Overall, NHS Lothian has a strong record. Figures published on 12 February this year show that, over the four-year period from January to March 2014 to July to September 2018, the board’s hospital standardised mortality ratio fell by 2 per cent at the Royal infirmary of Edinburgh, by 10.4 per cent at the Western general hospital and by 13.6 per cent at St John’s hospital.
In addition, since 2014, there have been steady reductions in the rates of staphylococcus aureus bloodstream infections and Clostridium difficile infections in NHS Lothian. With regard to infections that are associated with caesarean sections and hip arthroplasty, NHS Lothian’s performance is on a par with that of the rest of Scotland. Since 2007, there has been a 98 per cent decrease in positive results for MRSA from testing, which compares well with the 93 per cent decrease in Scotland overall.
Clearly, we can improve processes to make our hospitals as safe as they can be, which is what the Scottish public have every right to expect. As my colleagues on the Parliament’s Health and Sport Committee noted recently, there are lessons for us to learn from recent incidents in NHS Greater Glasgow and Clyde, particularly about the importance of robust communication between infection prevention and control teams and estate staff. Such communication is particularly important during maintenance or repair work on the NHS Scotland estate, when extra control measures need to be put in place to reduce the risk of infection.
When I updated Parliament on 26 February, I announced that I had commissioned an independent review to look at the design, build,
“commissioning, construction, handover and”
on-going
“maintenance of the Queen Elizabeth university hospital and how such matters contribute to effective infection control.”—[Official Report, 26 February 2019; c 10.]
In order to ensure appropriate membership of the review committee, the independent chairs of the review, Dr Brian Montgomery and Dr Andrew Fraser, have been taking advice from experts on who will be best able to contribute, as well as analysing and reflecting on the work that has been done to date. From that, they will determine the review’s precise remit and the resources and support that will be required. We expect the independent chairs to consult on a draft remit shortly.
In addition, we are strengthening the roles that individual NHS Scotland infection prevention and control team members play and the expert service that they provide. Next week, to provide further reassurance on the efficacy and robustness of our approach, our chief nursing officer will meet board healthcare-associated infection leads to reinforce their responsibilities with regard to infection prevention, emphasising the mandatory surveillance requirements contained in the national infection prevention and control manual and ensuring that boards have local mechanisms in place to implement the manual reliably and sustainably.

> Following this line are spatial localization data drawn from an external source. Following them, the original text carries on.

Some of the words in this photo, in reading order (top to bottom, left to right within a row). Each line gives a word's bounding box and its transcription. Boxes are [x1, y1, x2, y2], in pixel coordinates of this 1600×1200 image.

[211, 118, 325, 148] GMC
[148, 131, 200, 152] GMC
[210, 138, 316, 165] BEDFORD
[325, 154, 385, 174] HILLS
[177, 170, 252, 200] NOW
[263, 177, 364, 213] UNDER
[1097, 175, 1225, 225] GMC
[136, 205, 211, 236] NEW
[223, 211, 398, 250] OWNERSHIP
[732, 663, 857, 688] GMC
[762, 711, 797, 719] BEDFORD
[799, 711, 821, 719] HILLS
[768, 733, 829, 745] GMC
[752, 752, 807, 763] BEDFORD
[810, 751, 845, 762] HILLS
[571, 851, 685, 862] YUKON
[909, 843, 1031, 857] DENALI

I recognise that no patient wants to receive a letter similar to those sent by NHS Lothian last week, but I hope that what I have outlined today provides reassurance that such letters form part of a proactive and precautionary infection control and risk management system here in Scotland. Not all healthcare-associated infections are preventable, but we have dedicated professionals and a rigorous system, focused on limiting and controlling them. The system is alert to potential infection risks and how to assess and manage them and consistently looks to improve.